Synthesis and evaluation of furoxan-based nitric oxide-releasing derivatives of tetrahydroisoquinoline as anticancer and multidrug resistance reversal agents

Abstract Multidrug resistance in tumor cells poses a major obstacle to efficient chemotherapy. Several types of agents have been recognized as multidrug resistance inhibitors, among which the tetrahydroisoquinolines is the most studied. In current study 16 furoxan-based nitric oxide-releasing derivatives of tetrahydroisoquinoline were synthesized. Their cytotoxic activities and effects in reversing multidrug resistance have been evaluated. The results revealed that these compounds had moderate cytotoxic effects.

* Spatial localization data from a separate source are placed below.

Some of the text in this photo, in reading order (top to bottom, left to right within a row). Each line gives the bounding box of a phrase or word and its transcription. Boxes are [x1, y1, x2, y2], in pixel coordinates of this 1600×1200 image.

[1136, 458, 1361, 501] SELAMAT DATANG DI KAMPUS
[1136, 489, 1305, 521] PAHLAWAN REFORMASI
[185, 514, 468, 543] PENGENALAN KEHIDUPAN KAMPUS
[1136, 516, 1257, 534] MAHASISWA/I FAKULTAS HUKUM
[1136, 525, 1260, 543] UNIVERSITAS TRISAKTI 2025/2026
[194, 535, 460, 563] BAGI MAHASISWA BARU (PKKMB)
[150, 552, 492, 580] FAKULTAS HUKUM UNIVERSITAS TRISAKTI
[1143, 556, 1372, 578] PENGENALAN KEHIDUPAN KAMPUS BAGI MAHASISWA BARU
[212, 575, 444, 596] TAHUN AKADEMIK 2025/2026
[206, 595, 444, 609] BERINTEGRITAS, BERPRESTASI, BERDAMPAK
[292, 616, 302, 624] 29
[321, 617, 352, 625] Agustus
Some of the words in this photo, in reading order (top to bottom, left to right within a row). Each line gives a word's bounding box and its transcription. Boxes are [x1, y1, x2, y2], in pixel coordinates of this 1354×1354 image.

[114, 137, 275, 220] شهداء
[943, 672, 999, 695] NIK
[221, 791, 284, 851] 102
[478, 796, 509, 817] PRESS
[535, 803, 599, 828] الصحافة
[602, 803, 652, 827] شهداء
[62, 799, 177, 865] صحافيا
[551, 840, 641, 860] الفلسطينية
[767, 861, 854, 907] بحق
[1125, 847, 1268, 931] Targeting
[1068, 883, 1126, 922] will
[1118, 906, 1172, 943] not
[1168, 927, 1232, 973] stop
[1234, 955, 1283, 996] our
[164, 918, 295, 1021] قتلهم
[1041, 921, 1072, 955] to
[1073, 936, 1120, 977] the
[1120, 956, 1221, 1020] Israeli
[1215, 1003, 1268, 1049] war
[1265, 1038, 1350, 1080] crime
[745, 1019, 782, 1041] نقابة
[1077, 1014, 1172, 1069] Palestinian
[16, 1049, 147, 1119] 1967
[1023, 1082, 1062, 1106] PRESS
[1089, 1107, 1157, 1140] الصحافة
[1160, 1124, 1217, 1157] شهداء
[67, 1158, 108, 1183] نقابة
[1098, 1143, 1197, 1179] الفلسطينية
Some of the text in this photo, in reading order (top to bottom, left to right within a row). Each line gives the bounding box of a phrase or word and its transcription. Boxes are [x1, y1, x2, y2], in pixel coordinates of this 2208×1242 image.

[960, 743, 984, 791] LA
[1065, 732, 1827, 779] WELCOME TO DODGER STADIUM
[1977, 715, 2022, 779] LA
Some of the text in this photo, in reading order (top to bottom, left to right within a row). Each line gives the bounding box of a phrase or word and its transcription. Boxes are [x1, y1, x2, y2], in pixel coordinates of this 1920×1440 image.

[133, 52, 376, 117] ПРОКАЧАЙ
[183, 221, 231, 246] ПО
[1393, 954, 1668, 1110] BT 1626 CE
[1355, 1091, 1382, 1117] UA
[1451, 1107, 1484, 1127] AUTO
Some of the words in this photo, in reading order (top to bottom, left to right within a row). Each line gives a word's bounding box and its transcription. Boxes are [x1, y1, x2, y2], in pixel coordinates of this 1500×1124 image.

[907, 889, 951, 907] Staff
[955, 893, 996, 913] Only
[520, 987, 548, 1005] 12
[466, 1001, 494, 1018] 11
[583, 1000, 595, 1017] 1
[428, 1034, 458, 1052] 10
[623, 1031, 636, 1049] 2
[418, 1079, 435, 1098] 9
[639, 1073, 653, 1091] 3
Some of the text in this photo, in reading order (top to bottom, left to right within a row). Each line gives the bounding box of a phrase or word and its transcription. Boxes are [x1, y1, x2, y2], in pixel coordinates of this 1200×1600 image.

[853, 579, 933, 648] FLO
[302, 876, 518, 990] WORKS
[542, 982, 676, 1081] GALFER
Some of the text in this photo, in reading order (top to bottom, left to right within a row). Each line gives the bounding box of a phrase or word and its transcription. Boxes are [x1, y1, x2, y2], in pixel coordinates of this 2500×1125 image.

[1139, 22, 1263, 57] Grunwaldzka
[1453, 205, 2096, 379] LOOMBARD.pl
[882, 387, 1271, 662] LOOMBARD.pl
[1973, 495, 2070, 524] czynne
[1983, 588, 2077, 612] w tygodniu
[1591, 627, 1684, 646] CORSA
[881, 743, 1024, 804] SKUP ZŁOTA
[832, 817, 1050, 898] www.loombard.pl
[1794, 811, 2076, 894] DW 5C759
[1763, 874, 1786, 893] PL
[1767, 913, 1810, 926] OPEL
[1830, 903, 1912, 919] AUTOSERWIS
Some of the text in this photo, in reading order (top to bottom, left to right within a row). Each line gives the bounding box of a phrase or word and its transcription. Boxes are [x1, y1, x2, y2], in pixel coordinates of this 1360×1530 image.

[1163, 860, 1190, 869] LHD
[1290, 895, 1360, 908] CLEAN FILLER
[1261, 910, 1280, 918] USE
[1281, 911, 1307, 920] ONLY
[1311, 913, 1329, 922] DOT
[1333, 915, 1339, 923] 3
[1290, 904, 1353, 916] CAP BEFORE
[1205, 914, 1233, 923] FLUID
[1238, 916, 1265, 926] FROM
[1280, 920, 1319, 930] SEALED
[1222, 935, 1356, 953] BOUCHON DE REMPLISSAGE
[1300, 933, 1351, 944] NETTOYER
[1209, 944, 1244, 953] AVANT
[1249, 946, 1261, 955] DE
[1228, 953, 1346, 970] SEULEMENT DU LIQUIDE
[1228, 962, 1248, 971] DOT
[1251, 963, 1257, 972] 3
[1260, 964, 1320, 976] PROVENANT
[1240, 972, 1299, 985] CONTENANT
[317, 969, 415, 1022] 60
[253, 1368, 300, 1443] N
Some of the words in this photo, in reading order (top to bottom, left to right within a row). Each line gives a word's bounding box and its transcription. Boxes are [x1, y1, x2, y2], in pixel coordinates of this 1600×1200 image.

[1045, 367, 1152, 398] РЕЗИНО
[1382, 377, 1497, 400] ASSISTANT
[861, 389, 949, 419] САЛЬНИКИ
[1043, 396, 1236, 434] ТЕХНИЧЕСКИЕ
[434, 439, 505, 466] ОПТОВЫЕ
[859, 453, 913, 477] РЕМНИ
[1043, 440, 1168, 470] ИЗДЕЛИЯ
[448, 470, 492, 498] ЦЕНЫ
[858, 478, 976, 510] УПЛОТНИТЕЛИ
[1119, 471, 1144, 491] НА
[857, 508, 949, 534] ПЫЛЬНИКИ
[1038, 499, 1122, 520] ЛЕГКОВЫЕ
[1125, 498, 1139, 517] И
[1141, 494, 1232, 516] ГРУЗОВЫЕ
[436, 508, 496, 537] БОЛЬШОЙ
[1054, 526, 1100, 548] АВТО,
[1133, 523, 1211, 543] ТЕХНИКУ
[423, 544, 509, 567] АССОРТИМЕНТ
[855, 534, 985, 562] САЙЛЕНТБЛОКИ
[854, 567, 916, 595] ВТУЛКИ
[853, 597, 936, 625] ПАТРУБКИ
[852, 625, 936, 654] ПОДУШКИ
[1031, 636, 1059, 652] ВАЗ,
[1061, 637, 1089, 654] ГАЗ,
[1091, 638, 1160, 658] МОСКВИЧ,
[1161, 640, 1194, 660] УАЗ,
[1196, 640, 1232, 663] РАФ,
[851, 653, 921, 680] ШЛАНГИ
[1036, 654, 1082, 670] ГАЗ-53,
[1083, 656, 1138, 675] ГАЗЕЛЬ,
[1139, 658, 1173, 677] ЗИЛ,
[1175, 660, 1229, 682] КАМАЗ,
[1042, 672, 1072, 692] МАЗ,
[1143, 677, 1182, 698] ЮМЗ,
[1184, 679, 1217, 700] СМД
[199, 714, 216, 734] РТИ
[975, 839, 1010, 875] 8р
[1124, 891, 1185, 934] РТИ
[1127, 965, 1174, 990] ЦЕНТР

Compounds 7a – f , 7h , and 7l showed higher cytotoxicities than the rest, but lower than adriamycin on K562 cell line. Compounds 7d , 7f , and 7l exhibited potent MDR reversal activities on K562/A02 cell line. The accumulation assay indicated that compounds 7d , 7f , and 7l significantly increased the intracellular accumulation of rhodamine123 in K562/A02 cells. Furthermore, these three compounds produced high concentrations of NO in K562/A02 cells. Potentially, the high concentrations of NO produced by NO donor moieties will lead to an increased cytotoxicity to K562/A02 cells. Our results suggested that compounds 7d , 7f , and 7l had anticancer effects, as well as multidrug resistance reversal effects.